With every passing day, a change in the international monetary system seems more likely. If a ‘re-set’ is coming, large gold holdings would lend credibility to those nations that wish to play a large role in the next global currency system. Based on China’s acquisition of gold since the 2007 crash, the future role of gold may have already been determined.
By Denise Rhyne
* SINGLE ELECTRONIC CURRENCY • GLOBAL GOLD STANDARD. In February 2012, the RIIA [Royal Institute of International Affairs] reported that the door is opening “for gold to play a more deliberately managed role supplementing the US dollar in the international monetary system.” It seems the new monetary order will include a ‘modified’ global gold standard to guide currancy rates. In Nov. 2010, Robert Zoellick, President of the World Bank, suggested the new system will employ gold as a reference-point. Based on the evidence, internationalists are planning to eventually replace the dollar-reserve system with a single, purely electronic currency; they are now laying the groundwork for “a single global digital economy” [Aspen Institute 2012 IDEA Project].
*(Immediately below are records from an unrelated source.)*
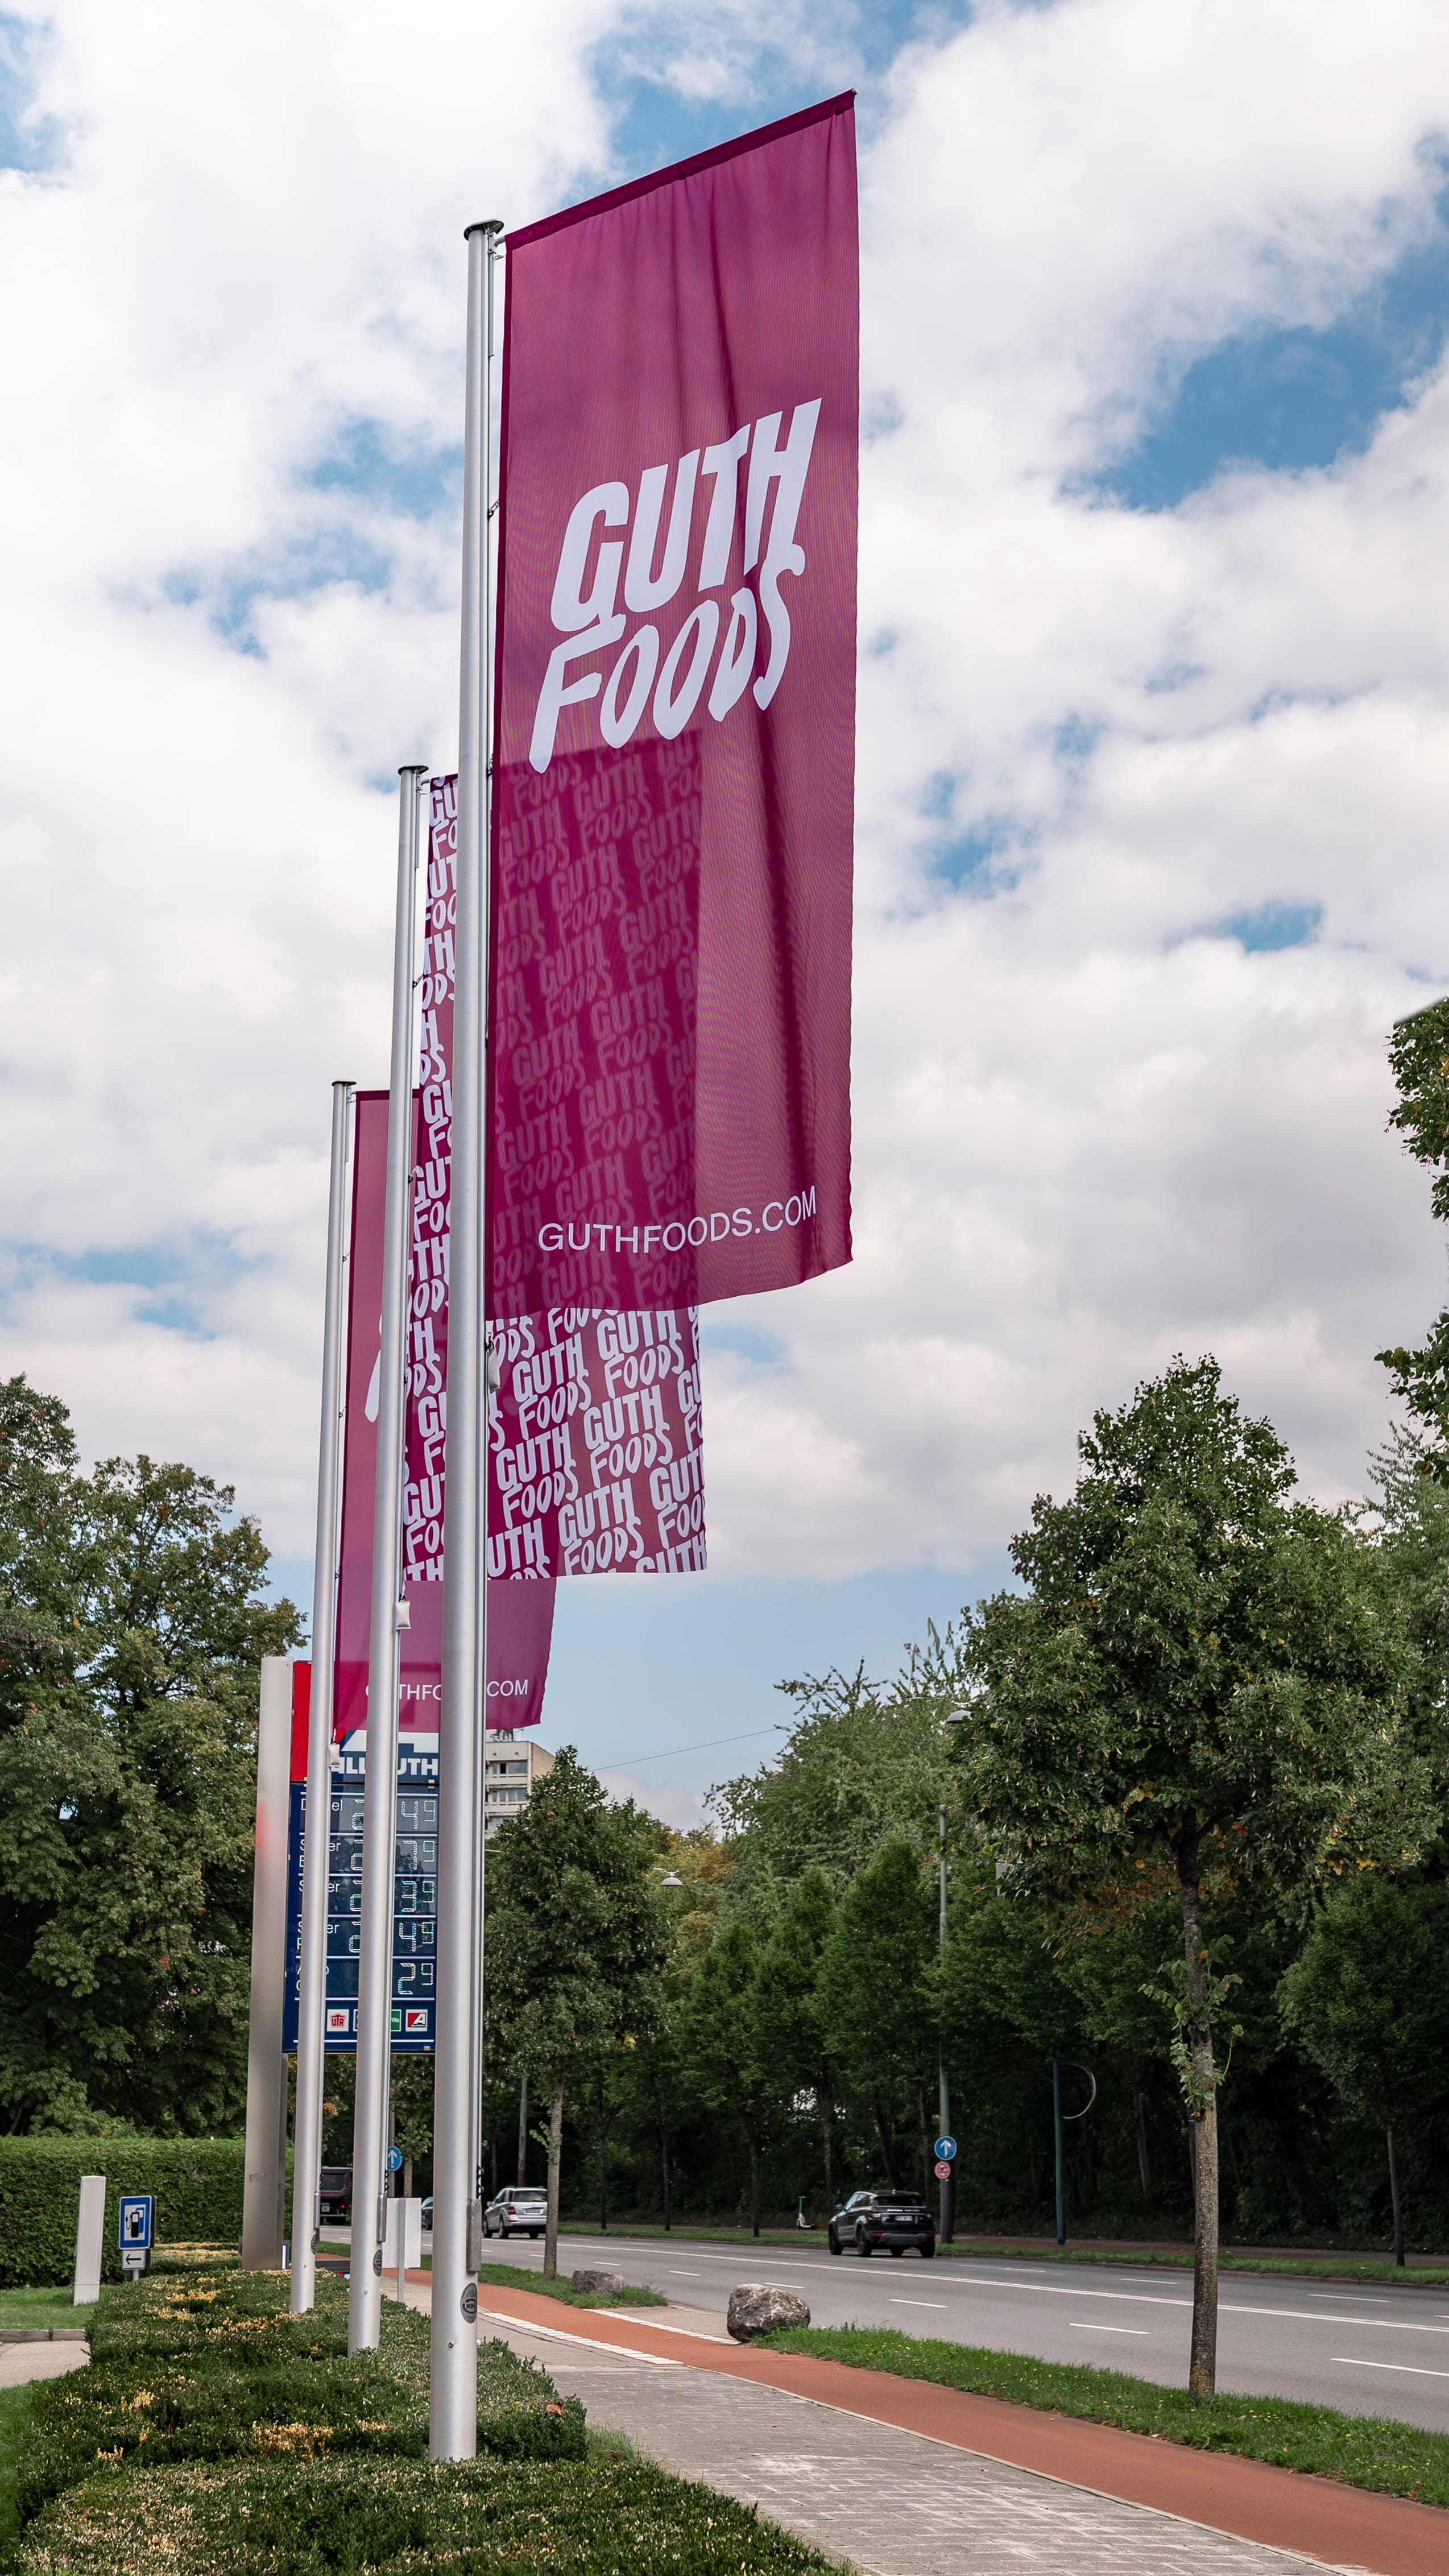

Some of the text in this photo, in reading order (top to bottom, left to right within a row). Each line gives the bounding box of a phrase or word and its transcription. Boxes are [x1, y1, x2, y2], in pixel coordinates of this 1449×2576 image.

[550, 397, 822, 631] GUTH
[528, 543, 806, 774] FOODS
[430, 780, 458, 826] GU
[423, 929, 455, 975] TH
[415, 1157, 452, 1204] GU
[494, 1196, 543, 1254] UTH
[538, 1185, 817, 1254] GUTHFOODS.COM
[412, 1233, 449, 1281] TH
[597, 1299, 682, 1361] GUTH
[512, 1332, 589, 1403] GUTH
[605, 1333, 684, 1399] FOODS
[519, 1368, 591, 1440] FOODS
[583, 1384, 670, 1450] GUTH
[495, 1422, 574, 1491] GUTH
[590, 1422, 673, 1488] FOODS
[403, 1472, 445, 1525] GU
[502, 1458, 579, 1529] FOODS
[558, 1478, 638, 1547] GUTH
[658, 1488, 705, 1549] FOO
[487, 1518, 549, 1577] UTH
[564, 1516, 644, 1576] FOODS
[331, 2015, 345, 2026] UTA
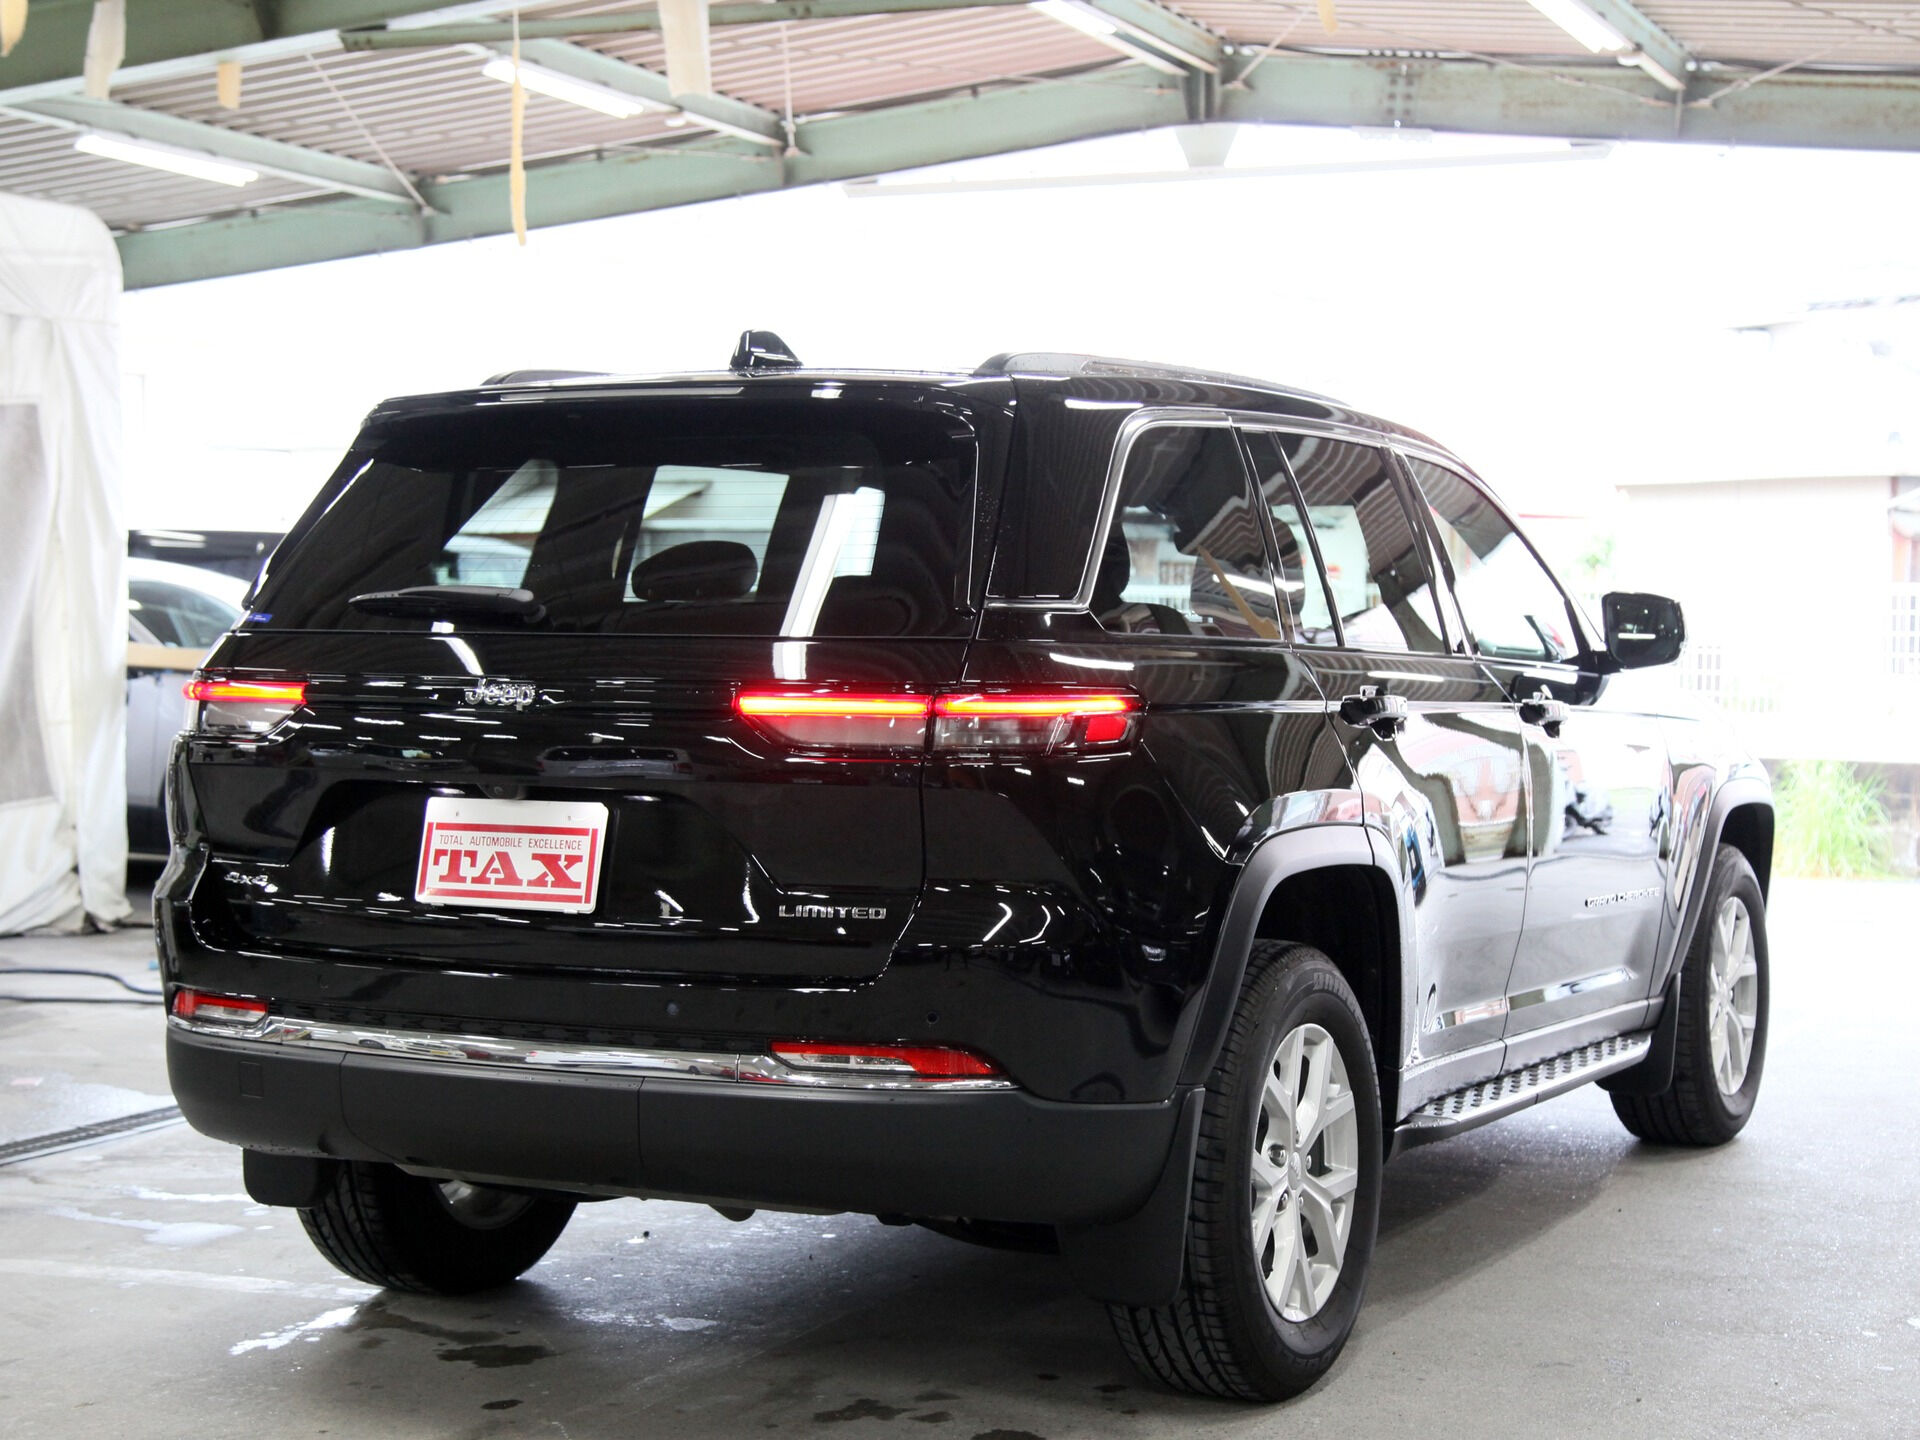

SUPER-SOVEREIGN RESERVE CURRENCY. The new monetary order was endorsed by Treasury Secretary Tim Geithner in Nov. 2010 [implementation of the U.N. Basel III framework is part of the “evolution to global monetary union”].
US-NATO-UN-EU ‘Peace’ Missions: RWANDA: huge natural gas reserves; LIBYA: largest oil reserves in Africa; IRAQ: #2 OPEC oil-producer; WESTERN SUDAN/ DARFUR: major oil source; EAST AFRICA/ SOMALIA: the new Middle East.
Military “interventions” by the “US-NATO-UN-EU Alliance” are advertised as peace missions “to manage conflicts” and “protect civilians.” On Nov.26, 2012, Defense Secretary Panetta announced expanded drone warfare in Africa. On Dec. 24th, 2012, the Pentagon deployed “military teams” to thirty-five African nations.
FOR THE RECORD: Hundreds of tons of gold were seized after the invasions of Iraq and Libya. In 2011, Libya alone owned 143.8 tons of gold. There is no account of the bullion captured from the two countries [Iraqi gold pallet below]. Since the bombing of Libya, not one national “hard” [gold-backed] currency exists anywhere in the world. (Libya’s national currency was a hard currency.) For the first time in all history, gold and silver coins/ bars are the only alternatives to ‘fiat’ money [currency backed by nothing].
GOLD SHORTAGE IN THE WEST: In 2011, Hugo Chavez’s demand for the return of Venezuela’s gold [17,000 400 oz gold bars] caused a worldwide RUN on precious metals. Since then, Goldman Sachs/ Citigroup have been negotiating with cash-strapped Venezuela to ‘claw back’ the nation’s gold hoard [about 1/5th of the gold was sold/ leased in 2015]. As of April 2017, Maduro has sold/ leased the entire amount of gold Chavez had repatriated to Venezuela.